Y traen a Carmen, la madre de un compañero que estaba en Brasil en el momento que fuimos secuestrados. Tenía delirios y los oficiales aprovechaban sus crisis para preguntarle dónde encontrarlo. Su marido y su hijo menor también estaban detenidos. Ella, pese a sus alucinaciones, no confundía los términos (los psicólogos dicen que la locura es refugio para los presos) y yo podía oírla desde mi calabozo gritar, mientras los oficiales observaban mis reacciones por la mirilla. El Capitán Giannone, Bassani y el subjefe del cuartel, Mayor Gree, me presionaban para que firmara la declaración la que constaba que había sido detenida en Uruguay; hacian depender de eso el traslado de todos los compañeros a los respectivos penales. Debía tomar una decisión, pero todos los elementos a tener en cuenta formaban un rompecabezas diabólico que nunca terminaba de armarse: si firmaba, estaba en contradicción con la campaña que se estaba levantando contra el secuestro; si no lo hacía, ¿podría soportar que presionaran a otros compañeros, que jodieran más a Carmen?

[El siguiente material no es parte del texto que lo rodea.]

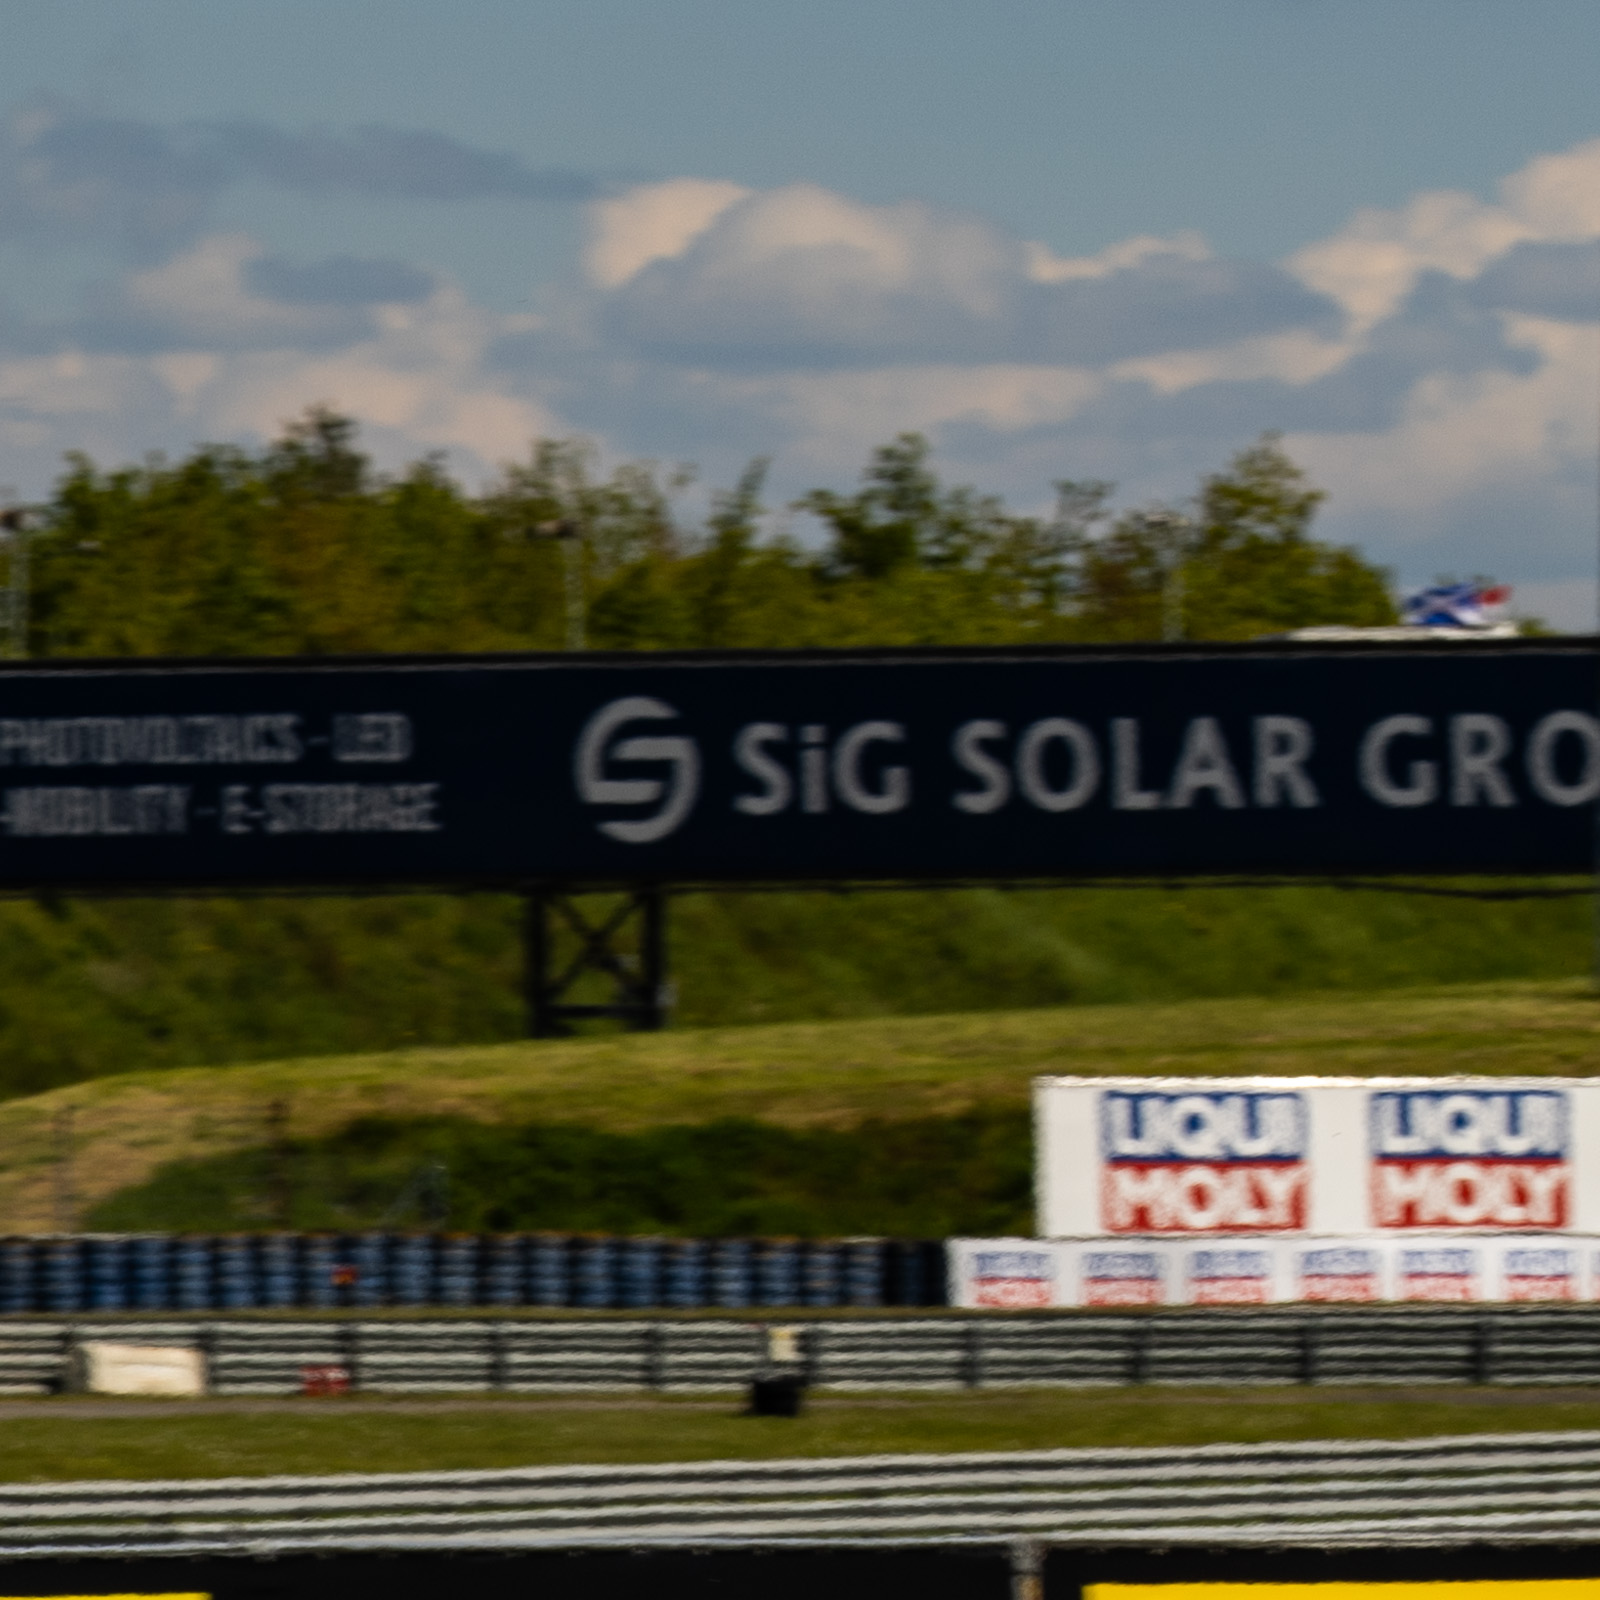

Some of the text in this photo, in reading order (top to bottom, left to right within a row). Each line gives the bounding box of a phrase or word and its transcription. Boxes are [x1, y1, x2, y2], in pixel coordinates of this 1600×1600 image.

[733, 721, 911, 815] SiG
[952, 715, 1321, 813] SOLAR
[1109, 1094, 1304, 1157] LIQUI
[1376, 1092, 1566, 1156] LIQUI
[1109, 1164, 1304, 1228] MOLY
[1376, 1162, 1566, 1226] MOLY

La culpa es un sentimiento culturalmente femenino, es la materia constitutiva de nuestra afectividad formada en la disociación de roles, y en este sentimiento se enlazan las cadenas más firmes y sólidas que atan la vida de las mujeres. Tenía un principio y un convencimiento, pero ¿hasta dónde y hasta cuándo iba a resistir el peso de tanta responsabilidad? Ya antes había descubierto mi dificultad para resolver los problemas que planteaba la militancia política en lo que tenía que ver con las responsabilidades. No en asumirlas personalmente, que más bien me pasa lo contrario, pero sí en lo que se refiere al ejercicio del poder. Esto, que años después ha constituido uno de los ejes de mi reflexión y mi acercamiento al feminismo, en todo ese período de clandestinidad y cárcel se me aparecía como un nudo difícil e inabordable.

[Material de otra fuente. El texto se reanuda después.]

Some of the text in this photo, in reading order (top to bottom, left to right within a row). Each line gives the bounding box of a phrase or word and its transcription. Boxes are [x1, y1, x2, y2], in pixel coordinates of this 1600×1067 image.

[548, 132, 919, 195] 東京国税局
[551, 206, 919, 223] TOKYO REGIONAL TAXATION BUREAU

La tarde anterior a que me llevaran a juez fue muy angustiosa. Finalmente, decidí que iba a firmar y que mi falta de heroísmo fuera valorada en ese contexto. Cuando volví del juez, estaba vacía.
 

¿Qué pensás hoy de haber firmado y del costo político que pudo tener?

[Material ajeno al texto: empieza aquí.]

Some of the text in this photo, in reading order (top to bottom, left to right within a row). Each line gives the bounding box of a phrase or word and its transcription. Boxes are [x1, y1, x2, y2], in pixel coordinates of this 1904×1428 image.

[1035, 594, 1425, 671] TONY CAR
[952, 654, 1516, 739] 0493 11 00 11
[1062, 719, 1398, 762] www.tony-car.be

Creo que, en primer lugar, defraudé a mis padres y a mis compañeros. Pero pensaba (tal vez para conformarme): "Ellos están libres y yo estoy aquí, sé lo que puedo o no puedo soportar". Podría elaborar un razonamiento muy prolijo sobre la correlación de fuerzas y lo que podía valer o no y hasta dónde. Es un poco absurdo hacerlo. Lo viví mal, como una cobardía, y lo fui superando en mi propia afirmación en la resistencia cuando me quedé sola.
 

¿Pero cuál es la cobardía realmente? ¿El miedo por lo que les pasa a los otros o el miedo a sentirte culpable porque, de no firmar, se ensañarían más con ellos?

Las dos cosas. Pero no quiero pensarlas hoy y darles una explicación que podría tener mucho de justificación. Prefiero decir que no tuve fuerzas para dar más. El miedo es unmonstruo de muchas cabezas ya veces cortás una y crees que lo venciste, pero le quedan todavía otras, ocultas e invisibles, las que han crecido y anidado en tu interior sin que dieras cuenta.

Me he equivocado muchas veces, tal vez mucho más que la mayoría de la gente, pero he sabido conservar un sentimiento de "omnipotencia" que me permite pensar siempre en el mañana como una promesa, y en cada cosa que vivo como más rica y plena que la anterior. Ese día mi omnipotencia fue derrotada. No podía dormir, y Ana, que captaba detrás del muro los ruidos sordos de mi angustia, me cantó, despacito, "Palabras para Julia".